SLAM

Première enquête qualitative en France

En 2011, des acteurs issus du milieu associatif, institutionnel et de la santé entendent parler de plus en plus souvent d’une nouvelle pratique de consommation de drogues par injection liée aux rapports sexuels entre hommes appelée « slam ».

La pratique n’est certainement pas nouvelle mais elle est mal connue et il n’existe pas, à ce moment là, de définition claire du terme slam. De plus, cette pratique inquiète les acteurs qui s’interrogent quant à ses conséquences sanitaires. Ces préoccupations ne se limitent d’ailleurs pas à la France. Suite aux remontées et témoignages des intervenants de terrain, AIDES prend alors l’initiative de lancer une étude sur le slam. Coordonnée par Daniela Rojas Castro, psychologue sociale de la santé et coordinatrice de recherche communautaire à la Mission Innovation Recherche Expérimentation (MIRE) de AIDES, l’étude n’aurait pas été possible sans la collaboration d’autres institutions et associations qui ont été solli- citées comme partenaires. Sandrine Fournier, anthropologue et chargée de mission prévention gay à Sidaction, a été contactée pour son travail sur la question de la consommation des produits chez les gays de 2007 à 2009 (TREND, OFDT) ; Marie Jauffret-Roustide, sociologue à l’InVS et au Cermes3, a été sollicitée en raison de son expertise sur des enquêtes concernant les pratiques à risque dans le do- maine de l’usage de drogues ; et Nicolas Foureur, médecin dermatologue président de l’association des médecins gays.

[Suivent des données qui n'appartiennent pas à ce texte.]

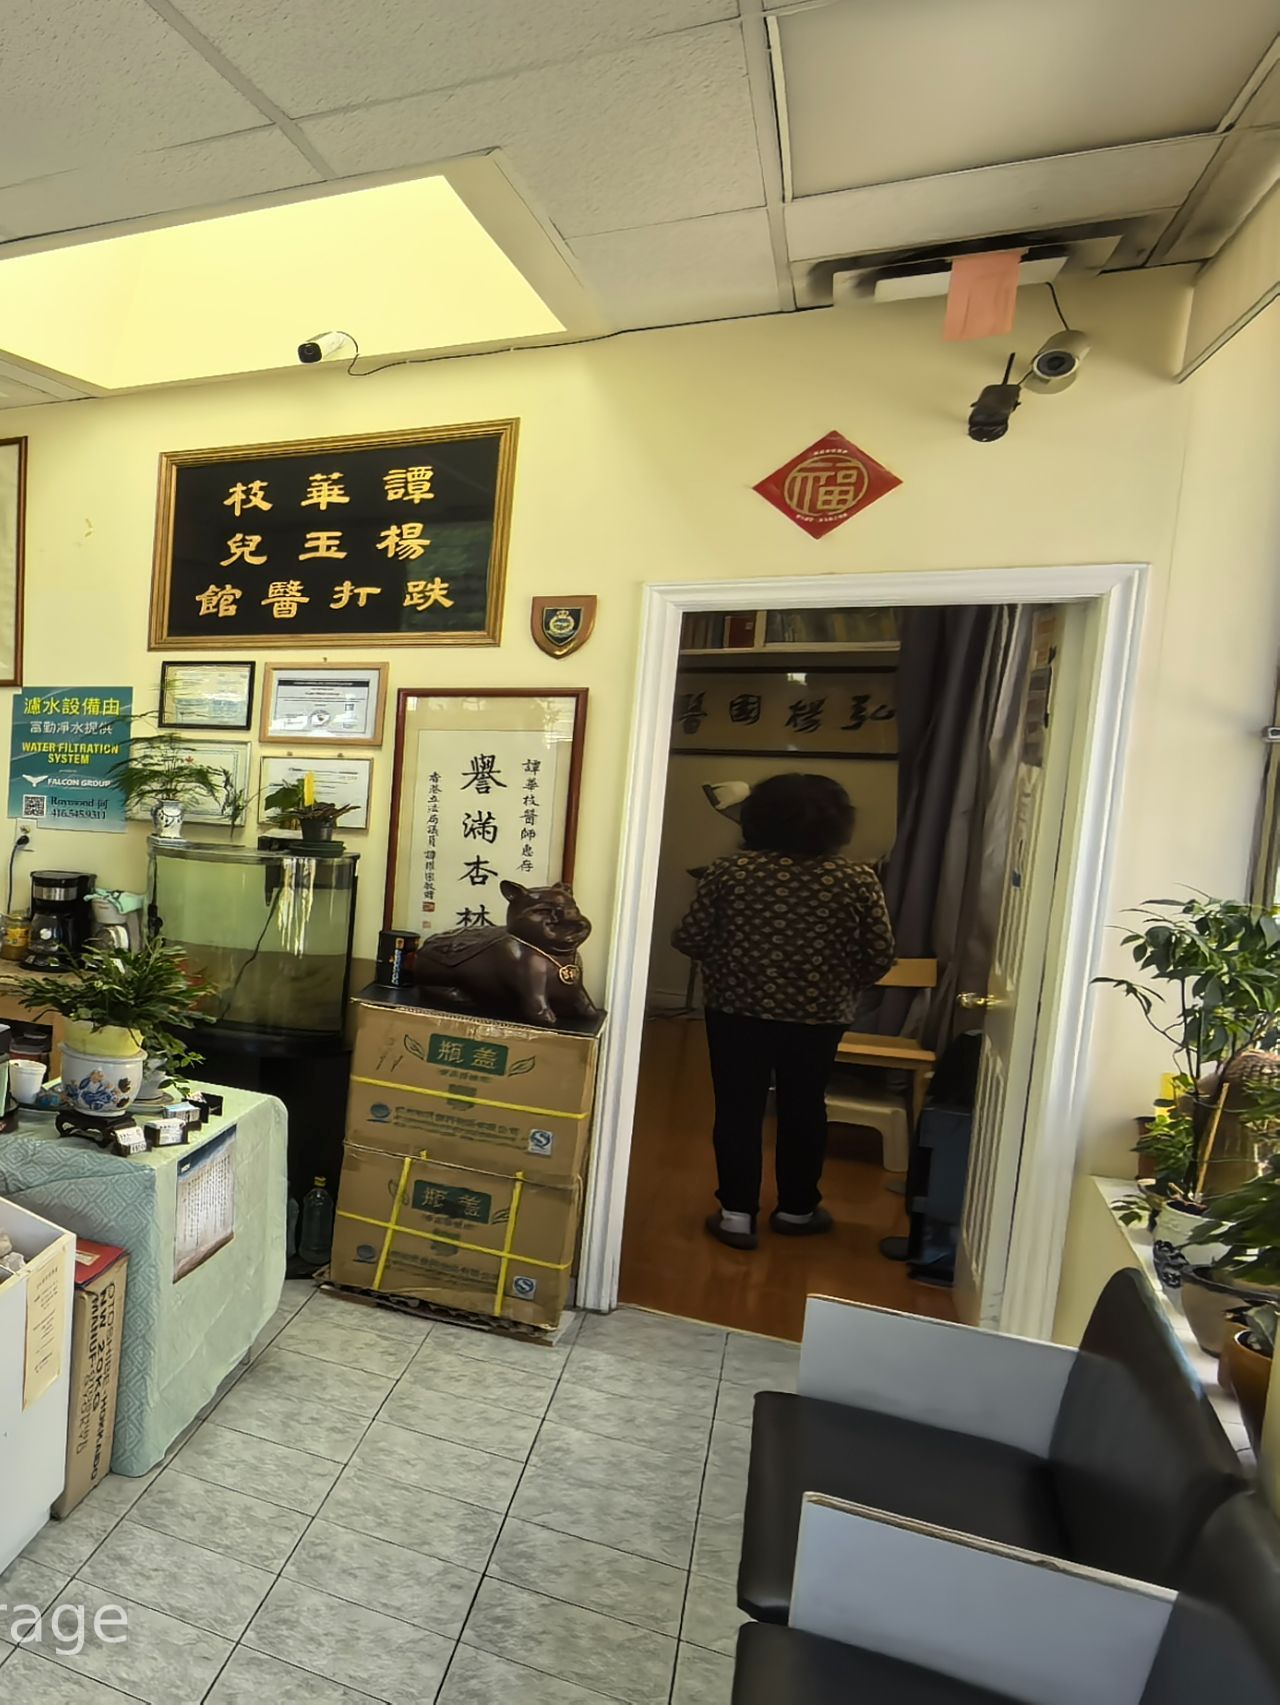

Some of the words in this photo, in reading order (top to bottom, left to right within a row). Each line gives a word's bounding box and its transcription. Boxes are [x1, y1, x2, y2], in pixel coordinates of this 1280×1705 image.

[223, 466, 435, 516] 譚華枝
[219, 522, 431, 566] 楊玉兒
[196, 577, 455, 618] 跌打醫館
[24, 697, 120, 715] 濾水設備由
[22, 742, 55, 753] WATER
[59, 742, 119, 754] FILTRATION
[48, 754, 90, 764] SYSTEM
[48, 778, 79, 786] FALCON

Le premier objectif de cette étude est donc de mieux connaître ce phénomène : qu’est-ce que c’est ? De quoi parle-t-on ?

Le deuxième objectif de cette étude est d’appréhender les effets de cette pratique sur la vie des personnes concernées. Au moment où cette étude a débuté, une partie des acteurs faisant état de ce phénomène identifie notamment un ensemble de risques sanitaires, tels qu’une augmentation du risque d’infection par le VIH et/ou le VHC ainsi que la survenue de complications de santé liées à l’injection chez des personnes ne se reconnaissant pas comme « usagers de drogues » et maitrisant peu la réduction de risques en matière d’usage de drogues.

Enfin, et suivant les principes de la démarche communautaire, il s’agit de recueillir les demandes des personnes concernées afin de mettre en place, si nécessaire, des réponses associatives et/ou sanitaires adaptées à leurs besoins.